= Instructions for the task =
Without including any pictures, please copy every entry below exactly.

= Supplied material =
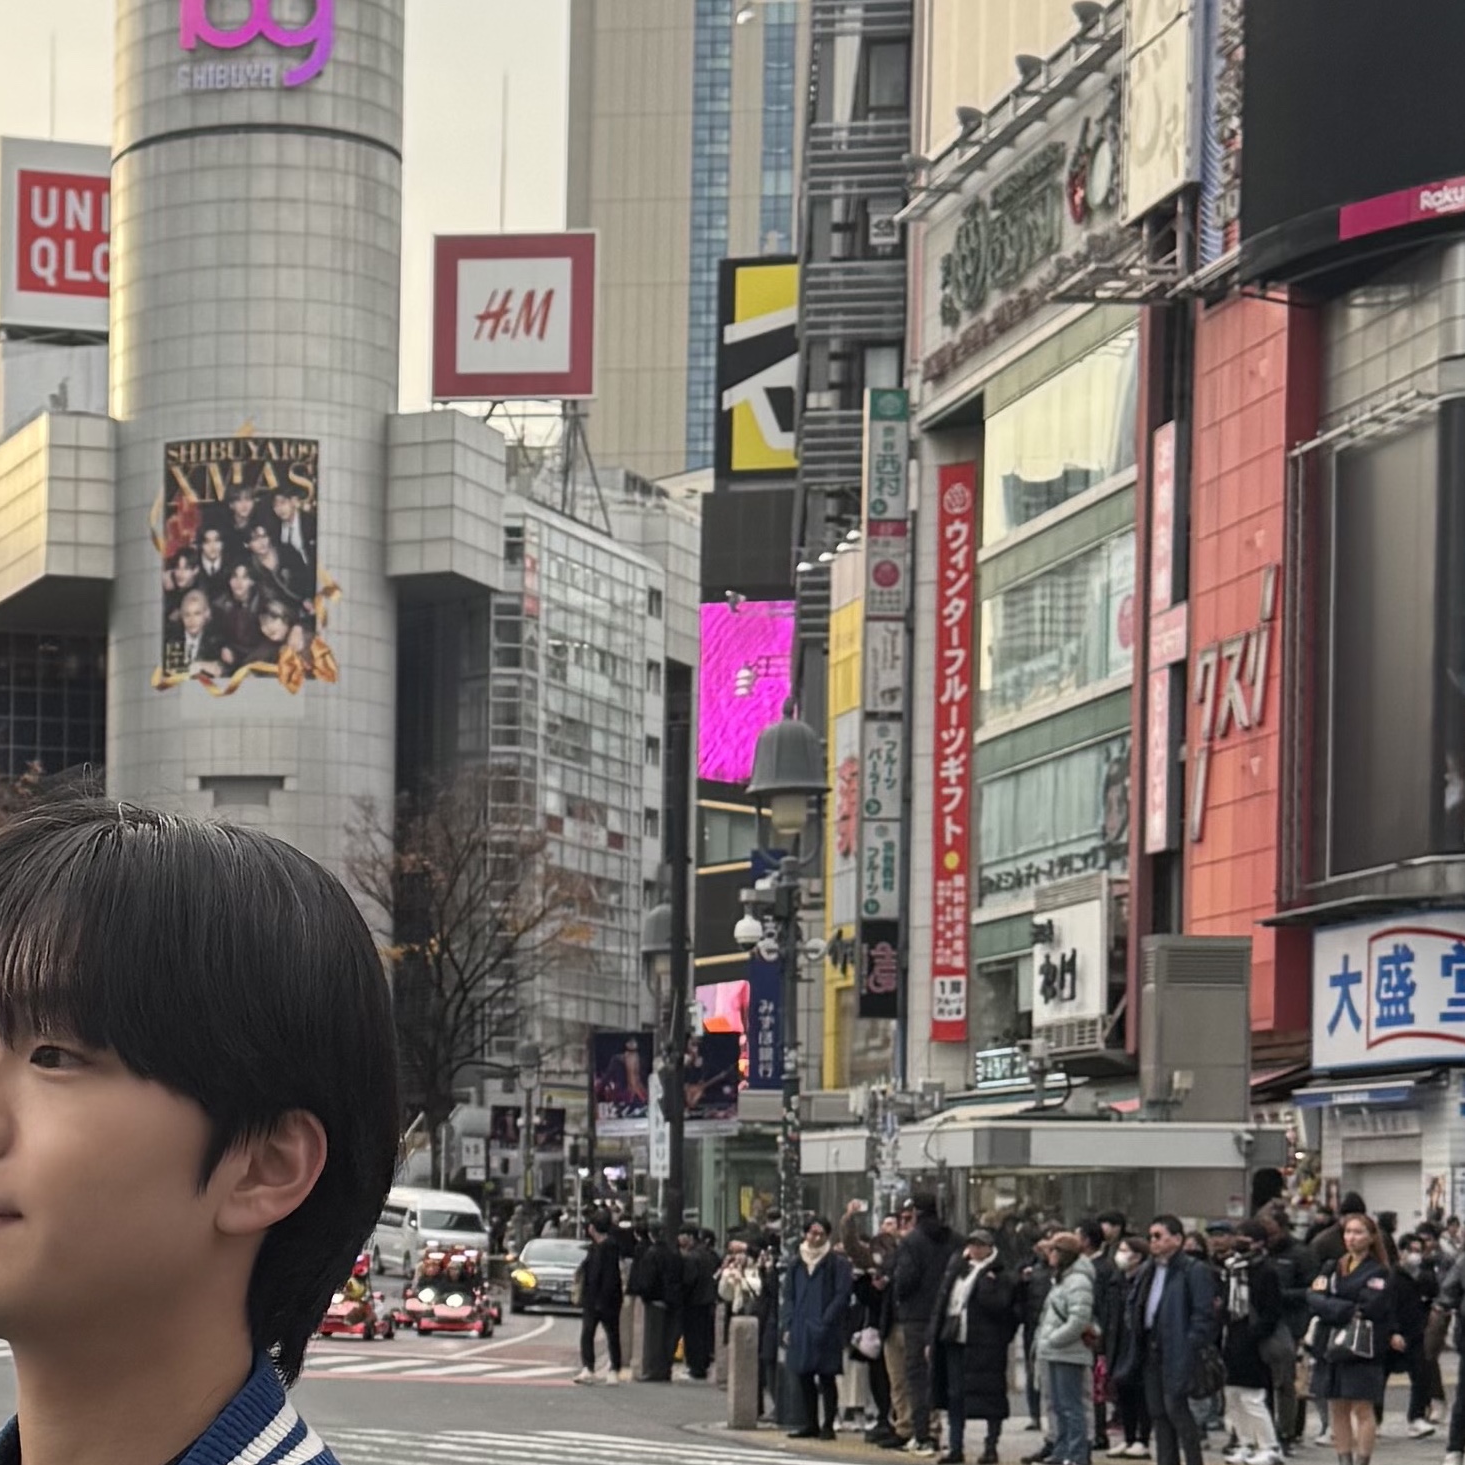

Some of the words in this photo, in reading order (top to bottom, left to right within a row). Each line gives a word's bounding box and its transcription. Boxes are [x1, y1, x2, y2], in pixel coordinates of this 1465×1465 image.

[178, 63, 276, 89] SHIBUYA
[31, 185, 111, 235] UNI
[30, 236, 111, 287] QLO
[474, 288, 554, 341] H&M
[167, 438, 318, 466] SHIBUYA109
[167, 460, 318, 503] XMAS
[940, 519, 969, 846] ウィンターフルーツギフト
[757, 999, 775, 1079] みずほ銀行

= Answer for the task =
Some of the words in this photo, in reading order (top to bottom, left to right within a row). Each line gives a word's bounding box and its transcription. Boxes are [x1, y1, x2, y2], in pixel coordinates of this 1465×1465 image.

[178, 63, 276, 89] SHIBUYA
[31, 185, 111, 235] UNI
[30, 236, 111, 287] QLO
[474, 288, 554, 341] H&M
[167, 438, 318, 466] SHIBUYA109
[167, 460, 318, 503] XMAS
[940, 519, 969, 846] ウィンターフルーツギフト
[757, 999, 775, 1079] みずほ銀行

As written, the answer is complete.